(ASSIGNMENT): Retype each entry exactly. Skip any pictures.

Images for object localization:
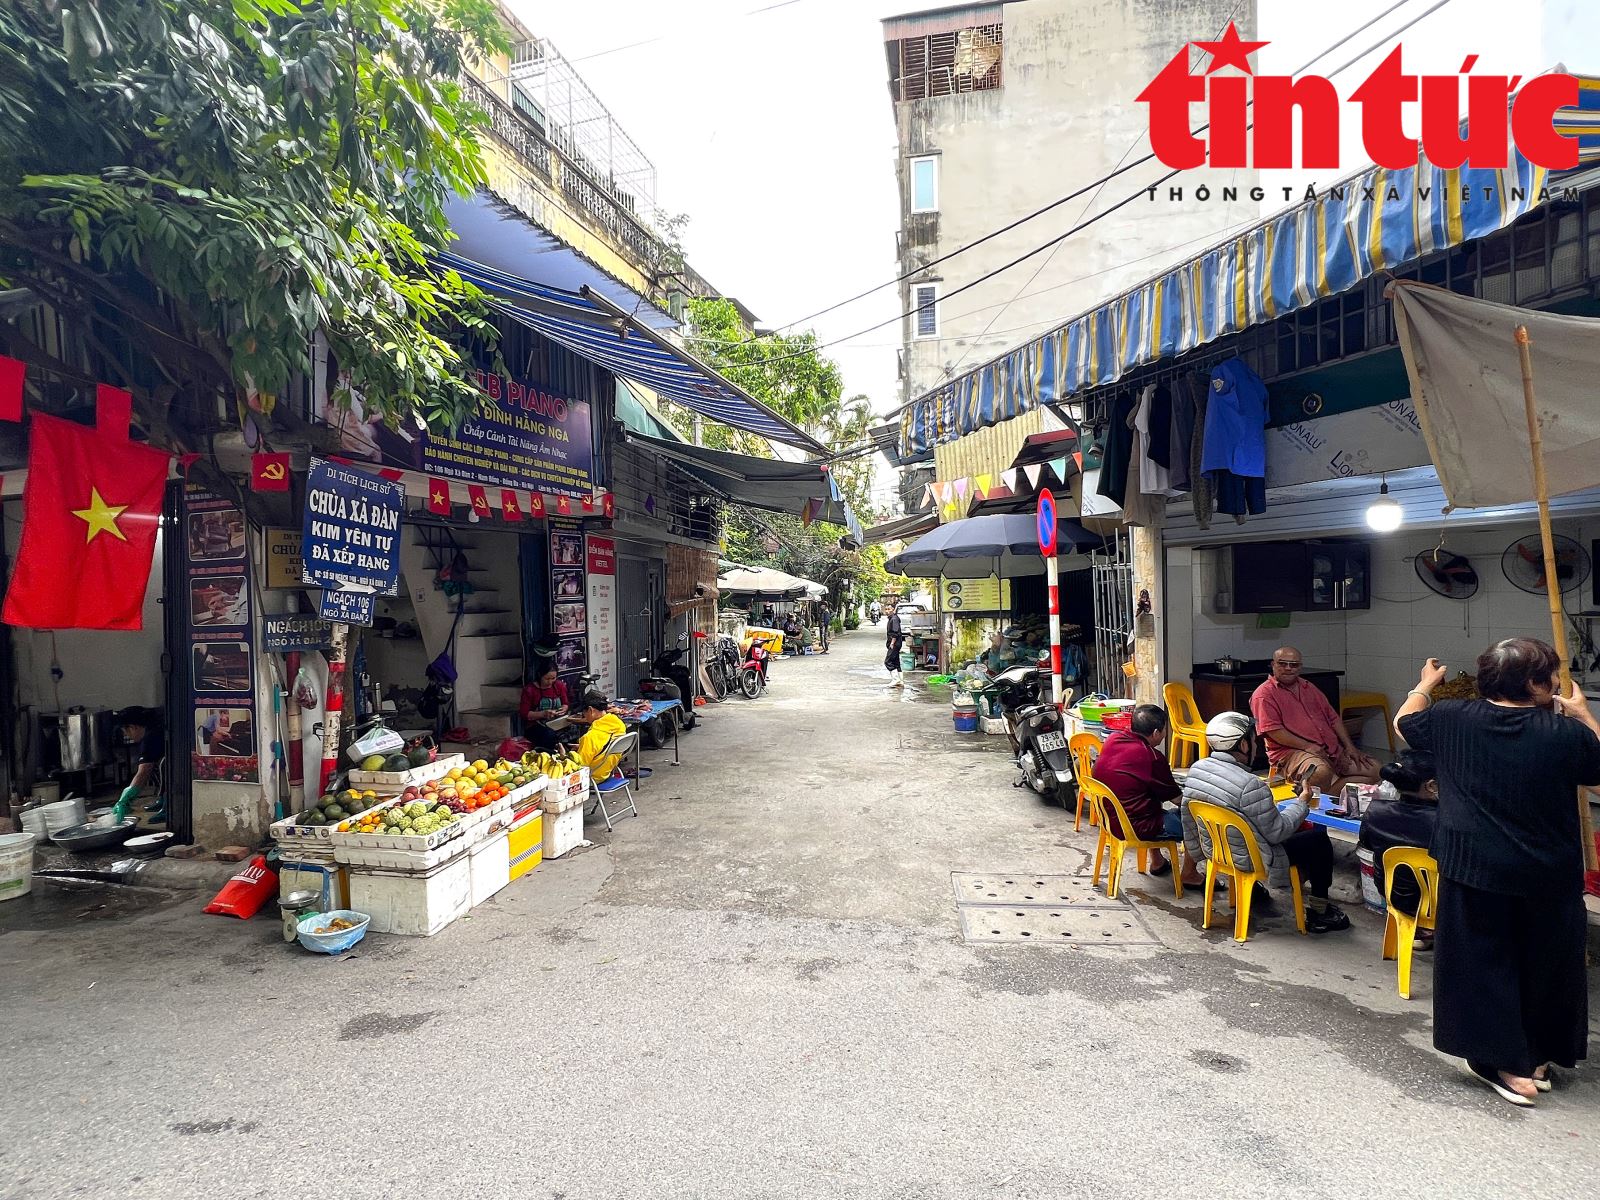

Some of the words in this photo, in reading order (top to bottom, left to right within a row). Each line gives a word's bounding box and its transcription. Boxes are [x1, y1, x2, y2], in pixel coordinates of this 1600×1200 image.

[507, 381, 568, 422] PIANO
[516, 412, 546, 435] HẰNG
[548, 426, 569, 442] NGA
[486, 430, 506, 444] Cánh
[552, 448, 568, 460] Nhạc
[327, 468, 336, 479] DI
[339, 471, 358, 486] TÍCH
[360, 478, 379, 492] LỊCH
[310, 488, 347, 519] CHÙA
[350, 496, 368, 524] XÃ
[371, 503, 398, 531] ĐÀN
[312, 521, 340, 540] KIM
[345, 528, 371, 547] YÊN
[375, 535, 393, 553] TỰ
[312, 543, 330, 561] ĐÃ
[333, 546, 355, 564] XẾP
[358, 554, 389, 570] HẠNG
[326, 591, 356, 606] NGÁCH
[358, 597, 370, 608] 106
[268, 617, 307, 634] NGÁCH
[323, 608, 339, 618] NGÕ
[341, 610, 350, 619] XÃ
[351, 611, 364, 621] ĐÀN
[268, 636, 287, 646] NGÕ

(EXERCISE SOLUTION):
Some of the words in this photo, in reading order (top to bottom, left to right within a row). Each line gives a word's bounding box and its transcription. Boxes are [x1, y1, x2, y2], in pixel coordinates of this 1600×1200 image.

[507, 381, 568, 422] PIANO
[516, 412, 546, 435] HẰNG
[548, 426, 569, 442] NGA
[486, 430, 506, 444] Cánh
[552, 448, 568, 460] Nhạc
[327, 468, 336, 479] DI
[339, 471, 358, 486] TÍCH
[360, 478, 379, 492] LỊCH
[310, 488, 347, 519] CHÙA
[350, 496, 368, 524] XÃ
[371, 503, 398, 531] ĐÀN
[312, 521, 340, 540] KIM
[345, 528, 371, 547] YÊN
[375, 535, 393, 553] TỰ
[312, 543, 330, 561] ĐÃ
[333, 546, 355, 564] XẾP
[358, 554, 389, 570] HẠNG
[326, 591, 356, 606] NGÁCH
[358, 597, 370, 608] 106
[268, 617, 307, 634] NGÁCH
[323, 608, 339, 618] NGÕ
[341, 610, 350, 619] XÃ
[351, 611, 364, 621] ĐÀN
[268, 636, 287, 646] NGÕ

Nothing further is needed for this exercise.